**Exercise description**
Copy every line of the records exactly, without including the images.

*** Data excerpts ***

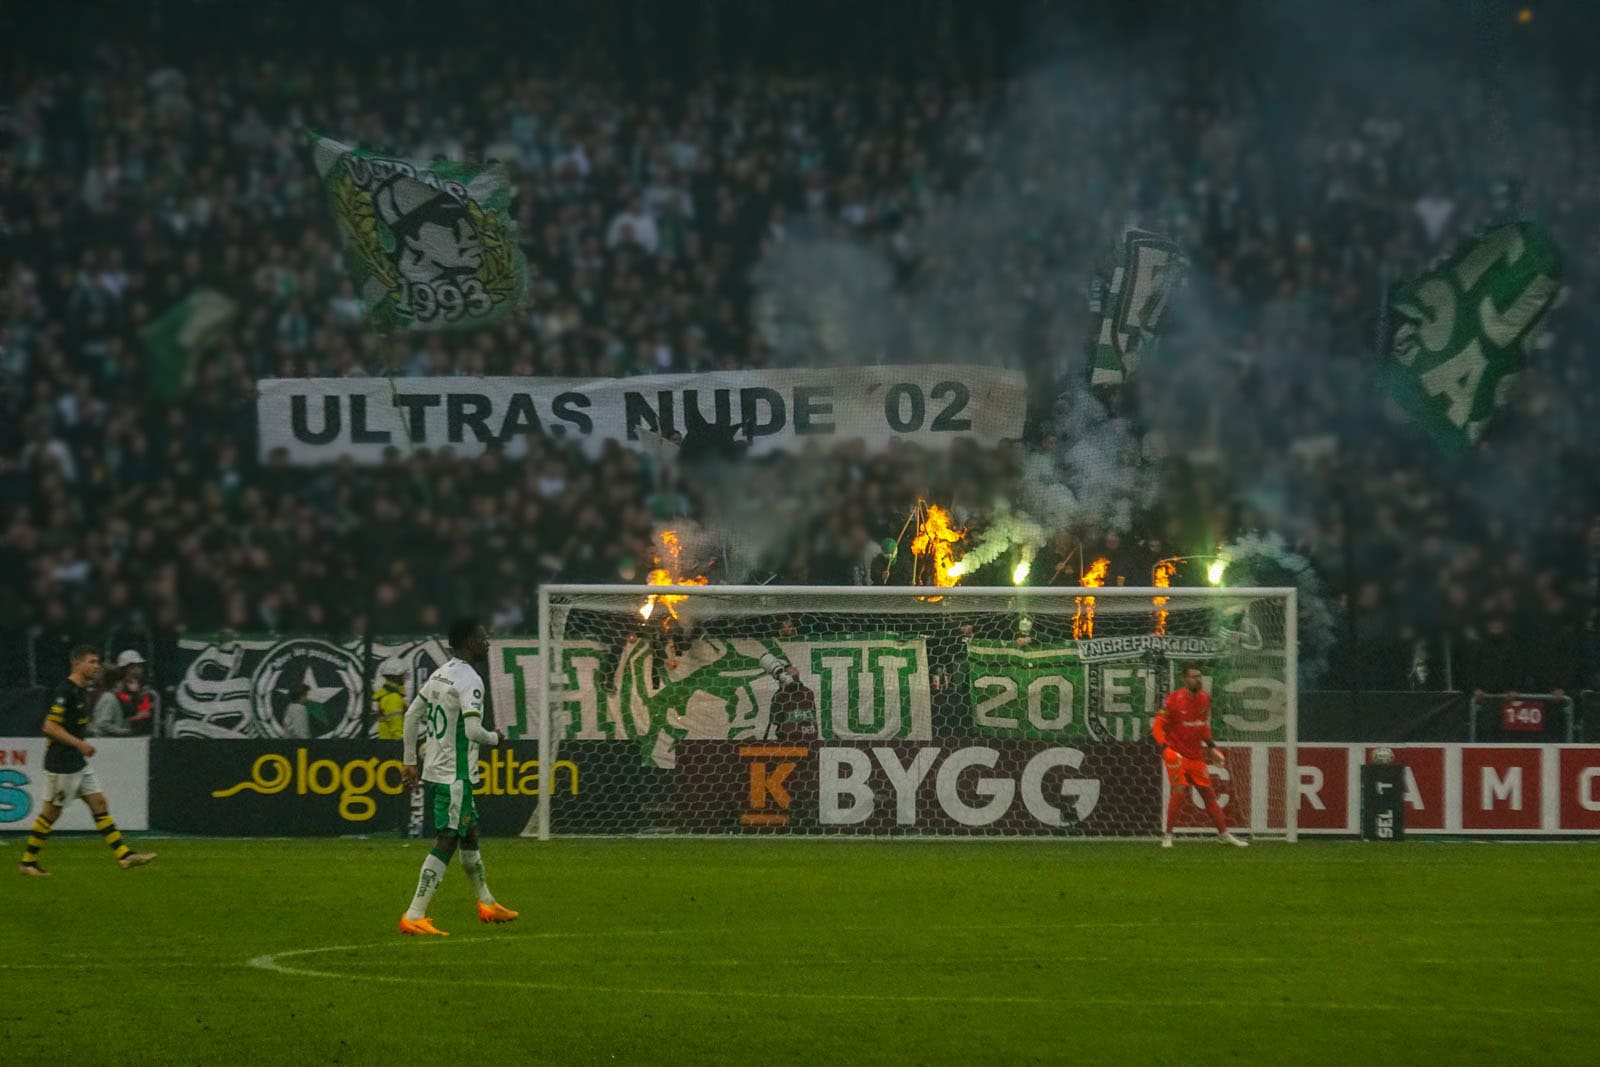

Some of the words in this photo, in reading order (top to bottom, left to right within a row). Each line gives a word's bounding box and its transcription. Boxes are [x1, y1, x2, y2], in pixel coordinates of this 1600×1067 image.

[395, 276, 492, 322] 1993
[291, 391, 593, 446] ULTRAS
[974, 675, 1073, 730] 20
[1506, 708, 1542, 724] 140
[818, 746, 1101, 827] BYGG

*** End of Data excerpts ***

**The answer**
Some of the words in this photo, in reading order (top to bottom, left to right within a row). Each line gives a word's bounding box and its transcription. Boxes are [x1, y1, x2, y2], in pixel coordinates of this 1600×1067 image.

[395, 276, 492, 322] 1993
[291, 391, 593, 446] ULTRAS
[974, 675, 1073, 730] 20
[1506, 708, 1542, 724] 140
[818, 746, 1101, 827] BYGG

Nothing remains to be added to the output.